The privacy defenders at Proton have deployed an upgrade to their AI assistant, Lumo, that promises faster and more intelligent responses.
AI assistants can be incredibly useful for drafting emails, planning a trip, or just satisfying a random curiosity, but there’s always that nagging feeling that every question you ask, every idea you explore, is being logged, analysed, and fed back into a massive corporate machine. You’re constantly trading a bit of your privacy for a bit of convenience.
Lumo is now a whole lot smarter. Proton is calling it version 1.1, and the main takeaway is the AI assistant is better at pretty much everything. It’s faster, it gives more detailed answers, and it’s much more up-to-date on what’s happening in the world.

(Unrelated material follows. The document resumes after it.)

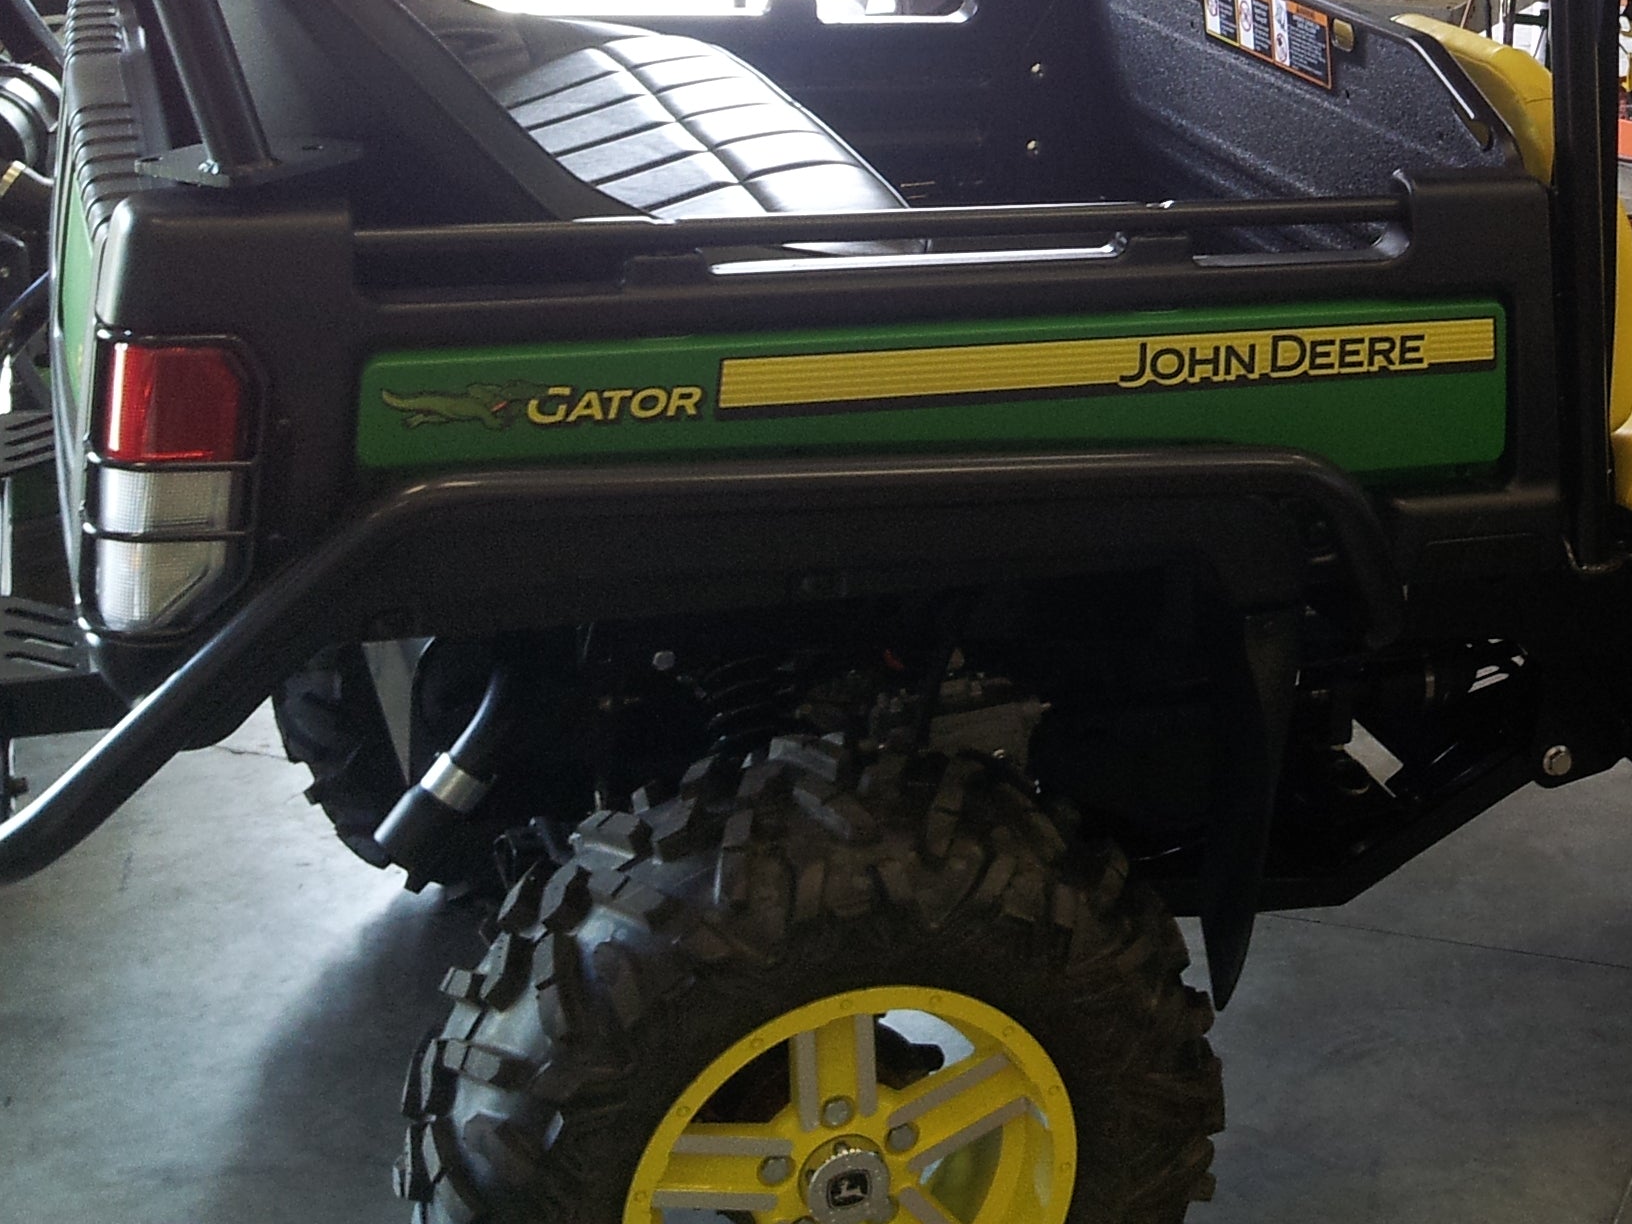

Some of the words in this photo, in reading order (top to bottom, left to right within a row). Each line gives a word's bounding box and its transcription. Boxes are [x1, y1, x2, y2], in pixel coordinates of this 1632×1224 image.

[1119, 341, 1256, 384] JOHN
[1270, 333, 1427, 374] DEERE
[527, 385, 703, 425] GATOR

For specific metrics, Proton is claiming a 200% improvement in Lumo’s ability to ‘reason’ through complex problems—you know, the tricky multi-step stuff where other AIs tend to get lost. On top of that, Proton says their AI assistant is now 170% better at actually understanding the context of what you’re asking, and for the coders out there, it’s seen a 40% boost in generating correct code.
But here’s the part that really matters: it does all of this without snooping on you.
Unlike the big players, Proton’s entire approach to AI is built around privacy. When you chat with most AIs, you’re essentially having a conversation in a room full of people taking notes. With Lumo, you’re in a locked room, and only you have the key. Your conversations are encrypted in such a way that nobody at Proton can ever read them. They don’t save your chats, and they don’t use your personal conversations to train their AI.
To prove their privacy claims, Proton has made the code for their AI assistant’s mobile apps open-source. That means Proton is letting anyone look under the bonnet to check that Lumo’s engine is running the way they claim it is. It’s about building trust, not just demanding it.
So, what’s the catch? Well, to get the absolute best performance and unlimited use, you’re encouraged to sign up for Lumo Plus. And that, right there, is the point. Proton is betting that some of us would rather pay a few quid for a service that respects our privacy than get a “free” service where our data is the real price of admission.
This latest update to Lumo is a statement from Proton arguing that you shouldn’t have to choose between a powerful AI and one that respects your privacy. They’re still the underdog fighting the tech giants, but with this update, they’ve shown they’re a contender worth watching.